Millions of years ago, volcanic eruptions in North America were more explosive and may have significantly affected the environment and the global climate. So scientists report in this week's issue of the journal Nature.
The researchers found the remains--deposited in layers of rocks--of eruptions of volcanoes located on North America's northern high plains that spewed massive amounts of sulfate aerosols into the atmosphere 40 million years ago. The scientists conducted their research at Scotts Bluff National Monument, Neb., and in surrounding areas.
"Combining measurements of the sulfate in ancient volcanic ash beds with a detailed atmospheric chemistry model, we found that the long-ago chemistry of volcanic sulfate gases is distinct from that of more modern times," says Huiming Bao, a geologist at Louisiana State University and lead author of the paper.

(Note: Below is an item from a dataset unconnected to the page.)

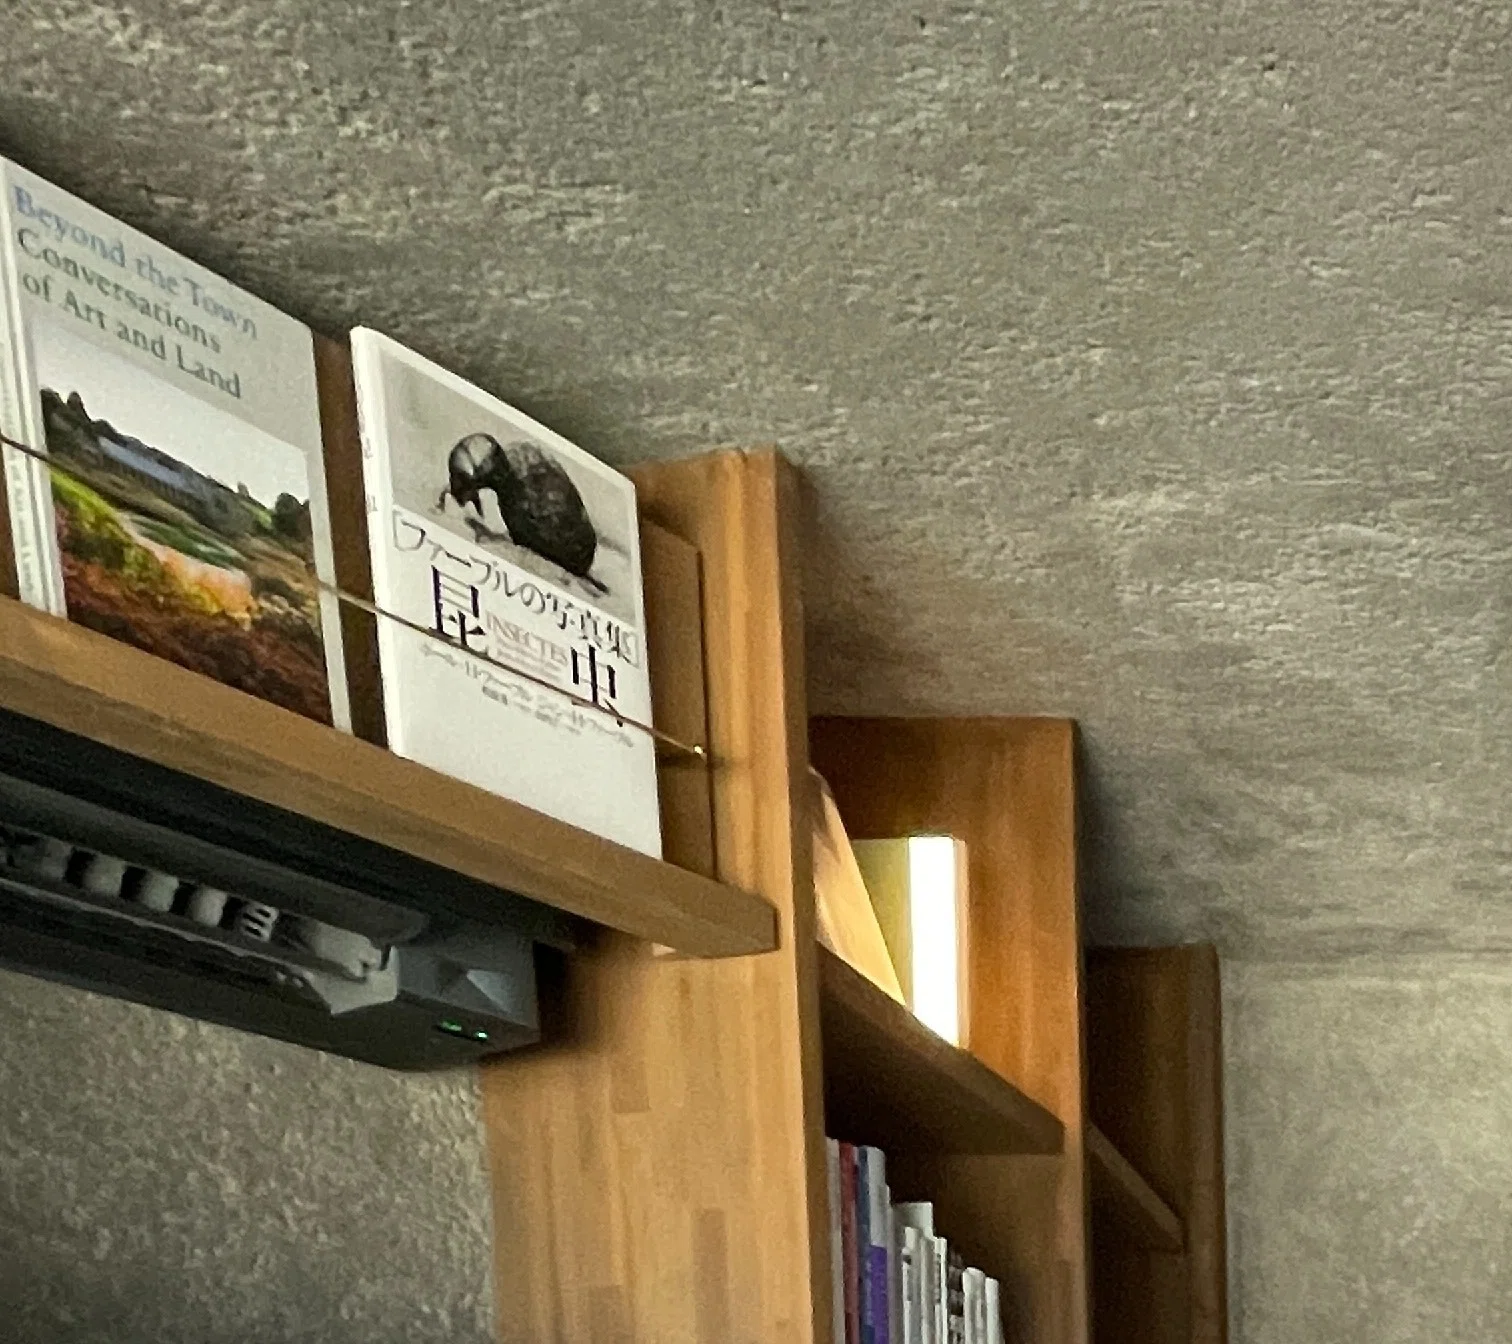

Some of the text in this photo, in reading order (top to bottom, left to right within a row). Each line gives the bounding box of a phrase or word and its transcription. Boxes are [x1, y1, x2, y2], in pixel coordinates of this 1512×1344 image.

[13, 185, 257, 340] Beyond the Town
[17, 228, 221, 354] Conversations
[23, 272, 241, 399] of Art and Land

"This is the first example showing that the history of massive volcanic sulfate emissions, and their associated atmospheric conditions in the geologic past, may be retrieved from rock records."
Volcanic eruptions may have significant impacts on the environment, Bao says, citing the 1991 Mt. Pinatubo and more recent Iceland volcanic eruptions.

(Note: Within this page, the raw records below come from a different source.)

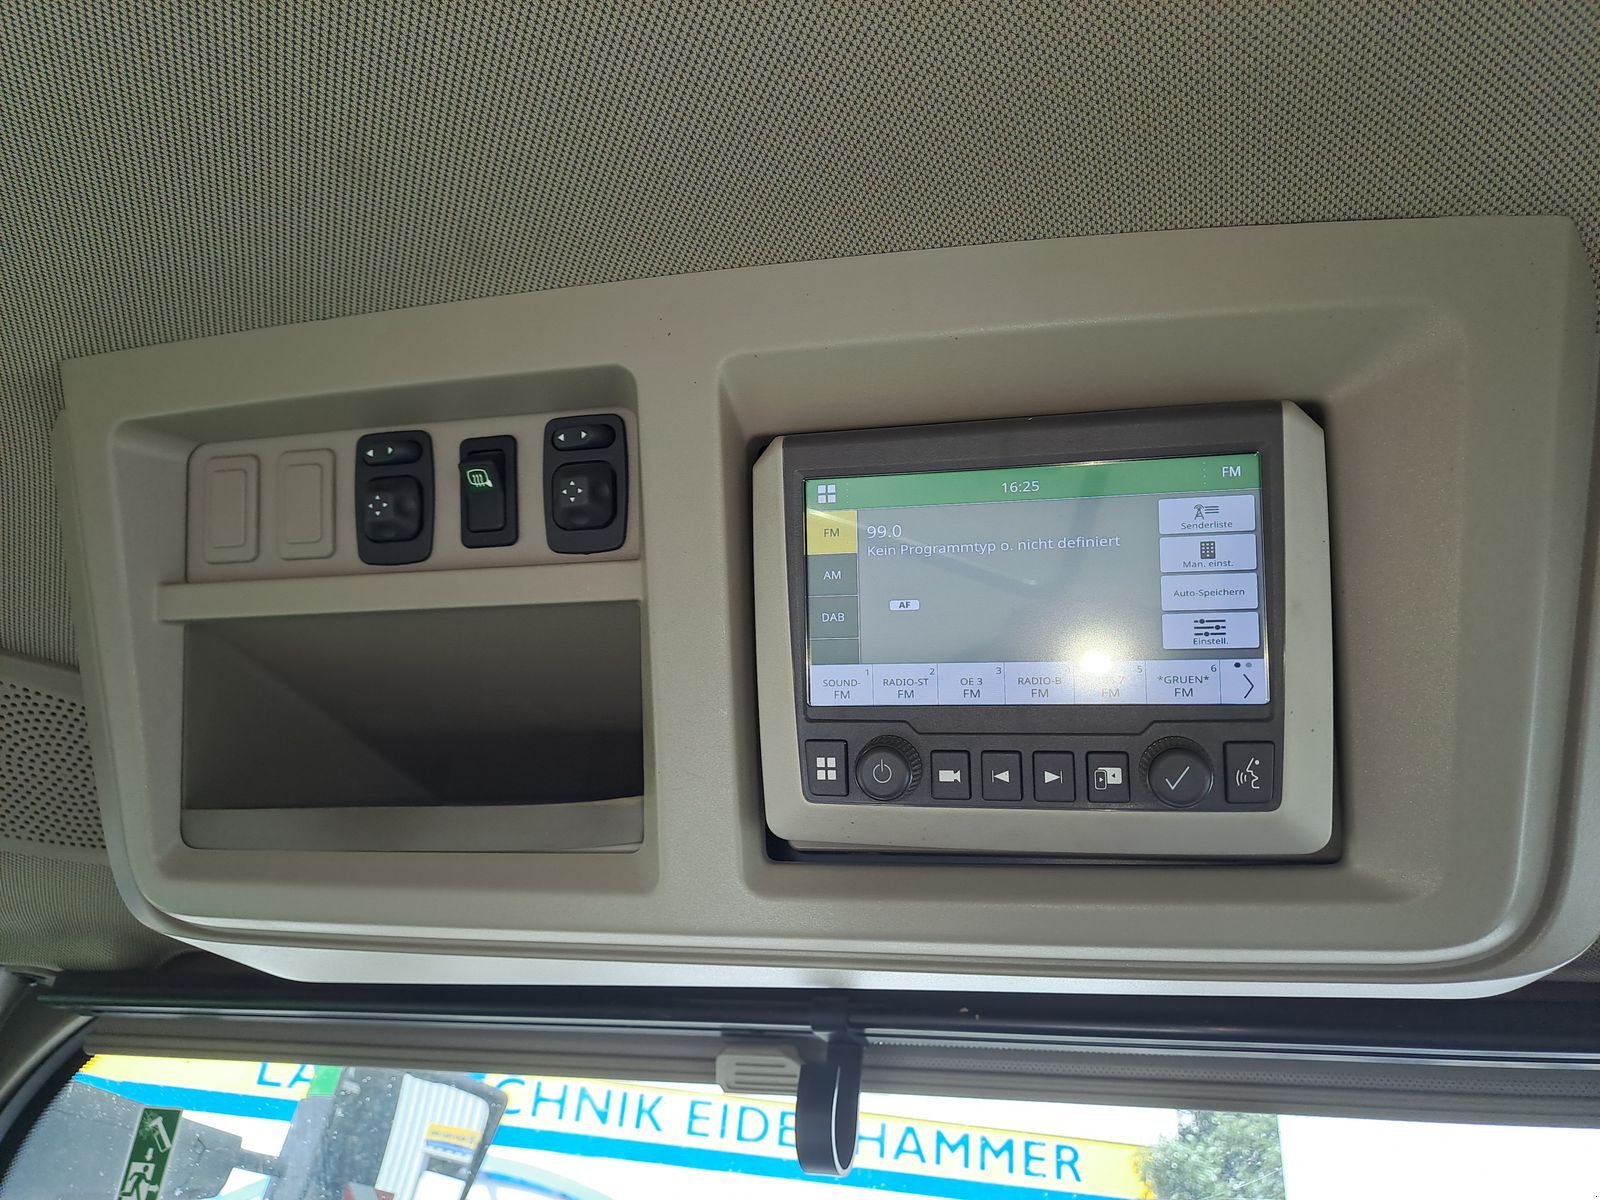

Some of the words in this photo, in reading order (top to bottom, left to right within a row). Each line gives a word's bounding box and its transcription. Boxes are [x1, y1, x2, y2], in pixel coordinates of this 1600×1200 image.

[1222, 466, 1241, 477] FM
[1001, 480, 1040, 493] 16:25
[1181, 520, 1233, 529] Senderliste
[823, 528, 840, 537] FM
[867, 524, 902, 538] 99.0
[867, 545, 896, 556] Kein
[900, 542, 996, 557] Programmtyp
[1000, 542, 1014, 551] o.
[1018, 538, 1054, 550] nicht
[1057, 536, 1120, 549] definiert
[1182, 560, 1206, 568] Man.
[1209, 559, 1234, 567] einst.
[823, 571, 841, 580] AM
[1173, 587, 1245, 598] Auto-Speichern
[822, 612, 845, 622] DAB
[1193, 637, 1229, 645] Einstell.
[930, 668, 935, 676] 2
[996, 667, 1002, 675] 3
[1136, 665, 1143, 674] 5
[1211, 664, 1217, 672] 6
[822, 679, 861, 687] SOUND-
[883, 678, 929, 686] RADIO-ST
[960, 677, 975, 686] OE
[977, 677, 983, 686] 3
[1017, 676, 1062, 685] RADIO-B
[834, 691, 850, 699] FM
[898, 690, 914, 699] FM
[963, 689, 981, 698] FM
[1031, 688, 1049, 698] FM
[1101, 688, 1120, 697] FM
[1174, 687, 1193, 697] FM
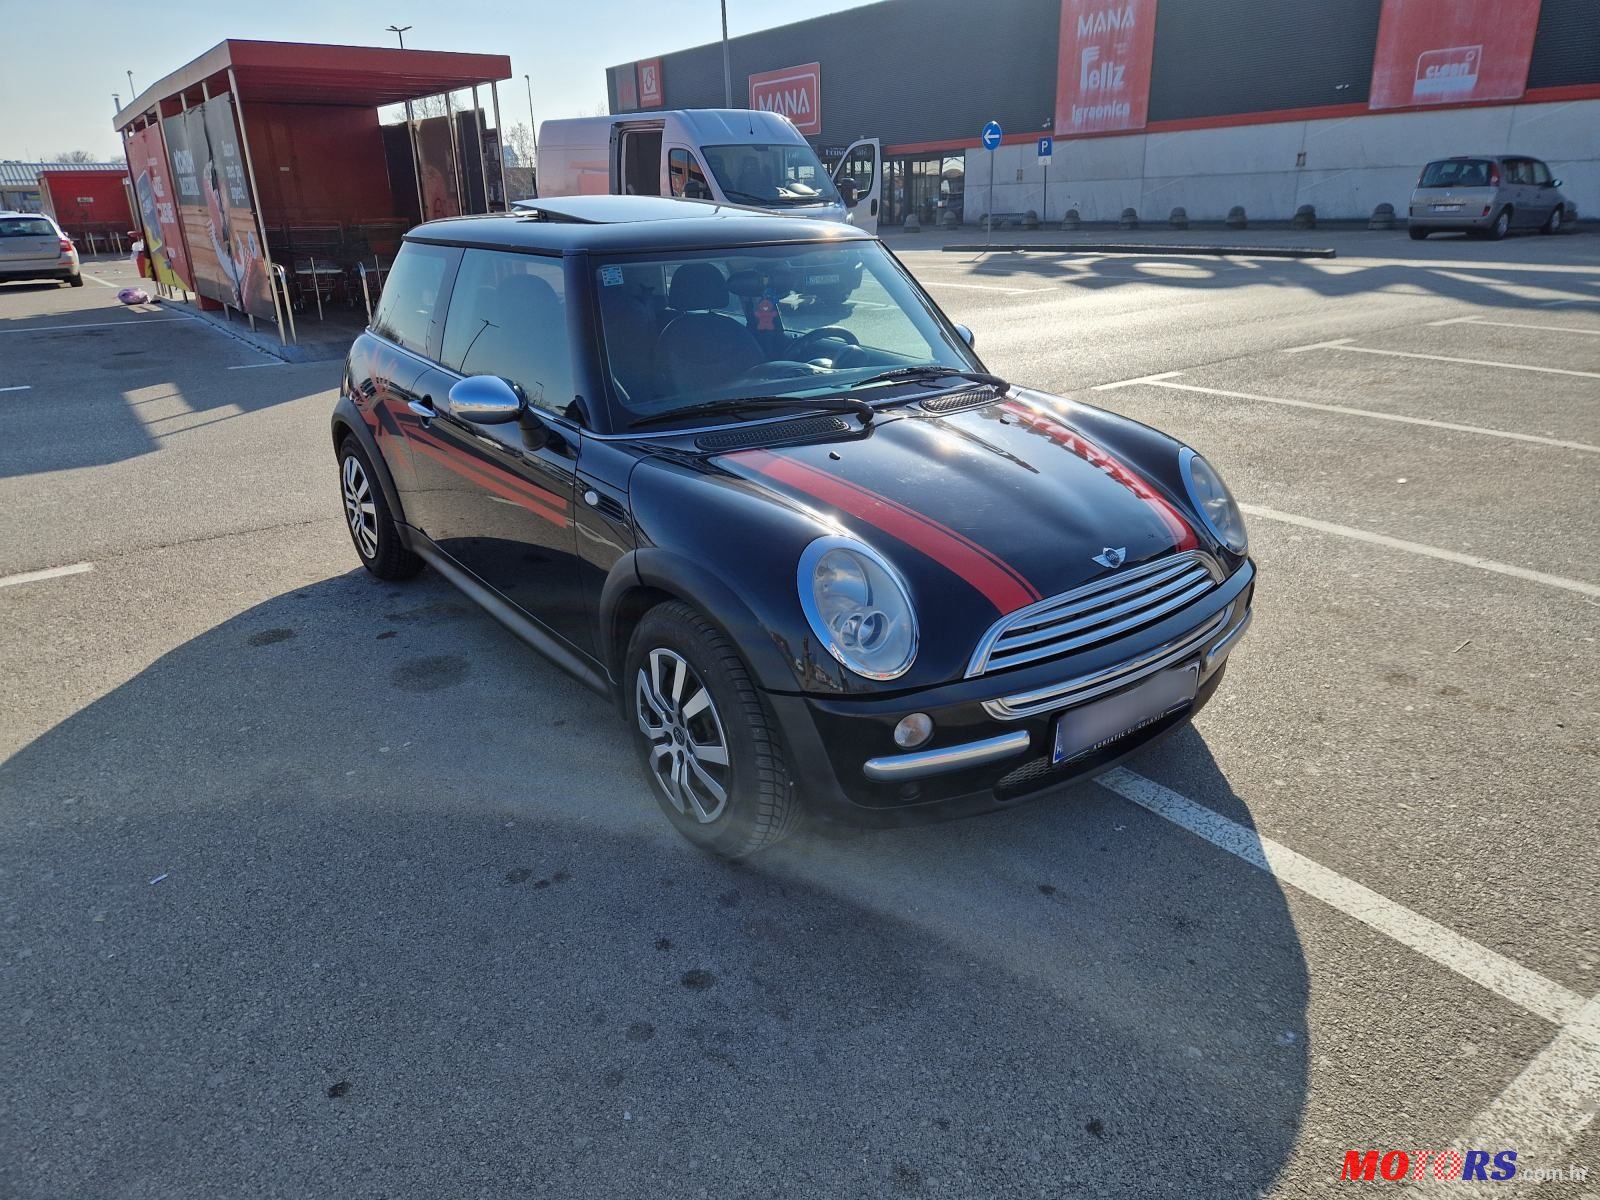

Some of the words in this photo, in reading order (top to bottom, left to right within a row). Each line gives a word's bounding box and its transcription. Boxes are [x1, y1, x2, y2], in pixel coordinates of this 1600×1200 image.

[1078, 6, 1136, 37] MANA
[1080, 46, 1126, 91] Feliz
[758, 87, 810, 116] MANA
[1041, 140, 1049, 153] P

"The physical impacts of these eruptions, such as ash plumes, are relatively short-lived, but the chemical consequences of the emitted gases may have long-lasting effects on global climate," says Sonia Esperanca, program director in the National Science Foundation (NSF)'s Division of Earth Sciences, which funded the research.

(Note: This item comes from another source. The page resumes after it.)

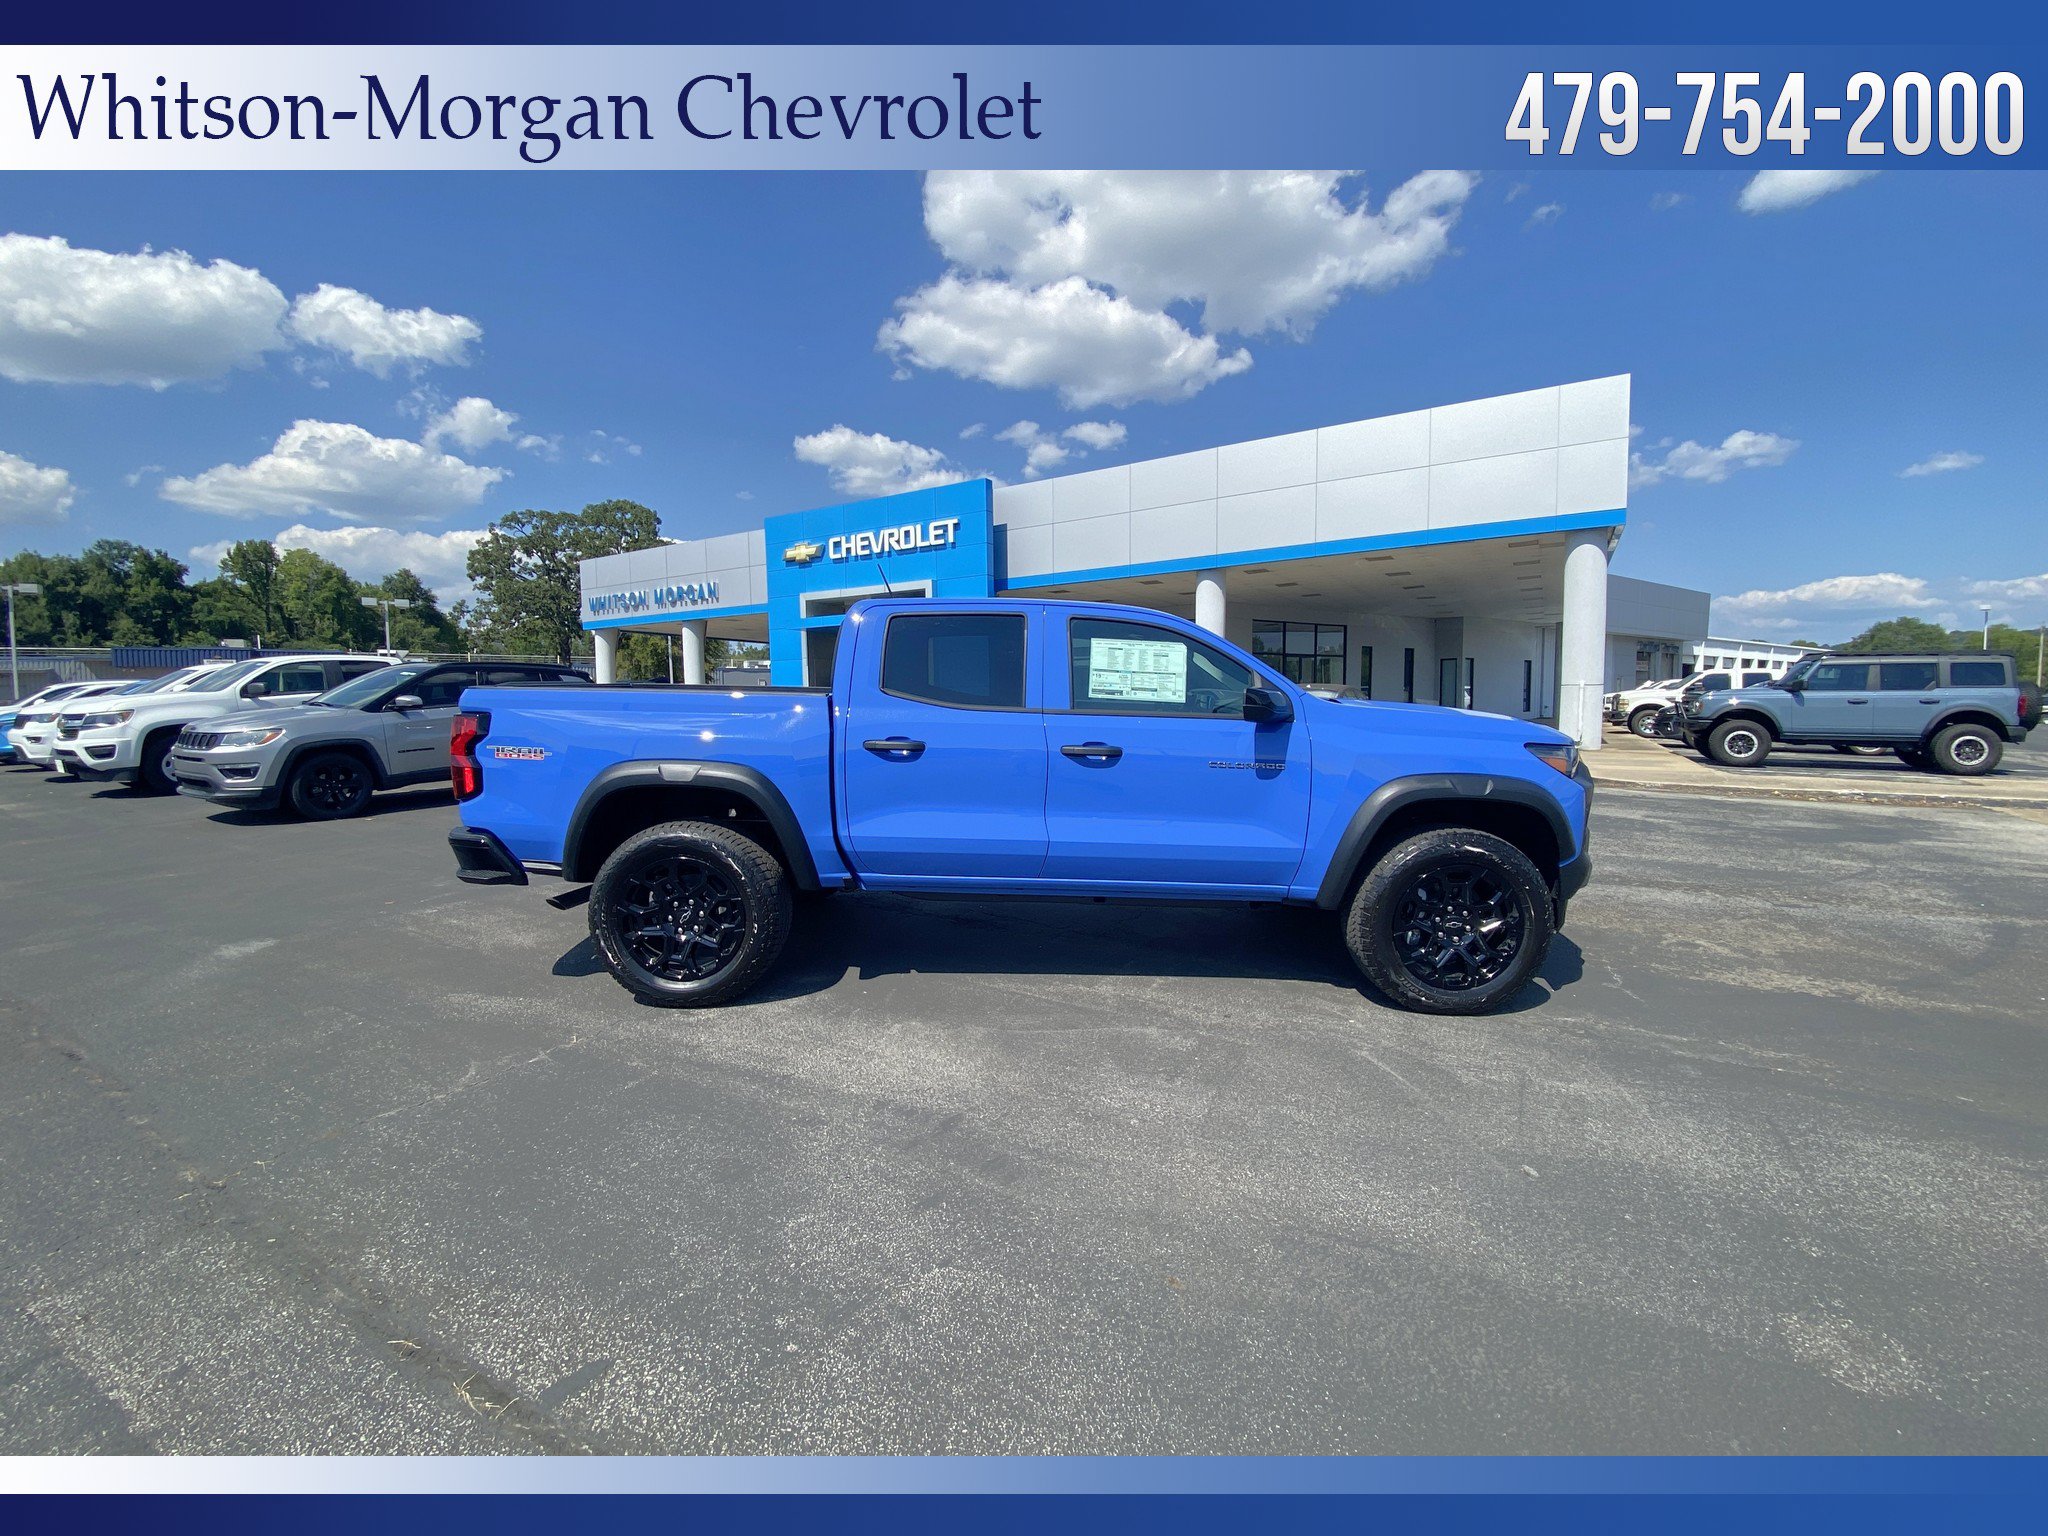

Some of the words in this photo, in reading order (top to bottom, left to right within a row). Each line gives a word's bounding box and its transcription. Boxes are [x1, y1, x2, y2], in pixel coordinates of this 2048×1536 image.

[828, 518, 959, 560] CHEVROLET
[588, 591, 649, 612] WHITSON
[654, 580, 719, 606] MORGAN
[1208, 761, 1286, 770] COLORADO

One of the most important volcanic gases is sulfur dioxide. It is oxidized in the atmosphere and turned to sulfate aerosol. This aerosol plays an important role in climate change.
"The volcanic eruptions of the last several thousand years hardly compare with some of the eruptions in the past 40 million years in western North America, especially in the amount of sulfur dioxide those eruptions spewed out," says Bao.
What's more important, he says, is that the formation of sulfate aerosol is related to atmospheric conditions at the time of a volcano's eruption.
In the Nature paper, he and colleagues show that past sulfate aerosol formed in a different way than it does today, indicating a change from atmospheric conditions then to now.
A similar volcanic event to the long-ago past likely will happen again, Bao says: in the next Yellowstone eruption.
The closest analog, Bao believes, is the 1783 Laki, Iceland, eruption and the subsequent "dry fogs" in continental Europe.
That event devastated Iceland's cattle population. People with lung problems suffered the worst, he says.
In North America, the very next year's winter, that of 1784, was the longest and one of the coldest on record. The Mississippi River froze as far south as New Orleans. The French Revolution in 1789 may have been triggered by the poverty and famine caused by the eruption, scientists believe.
"Millions of years ago, volcanic eruptions in North America were more explosive," Bao says, "and the quantity of sulfur dioxide released was probably hundreds of times more--greater even than in Laki in 1783."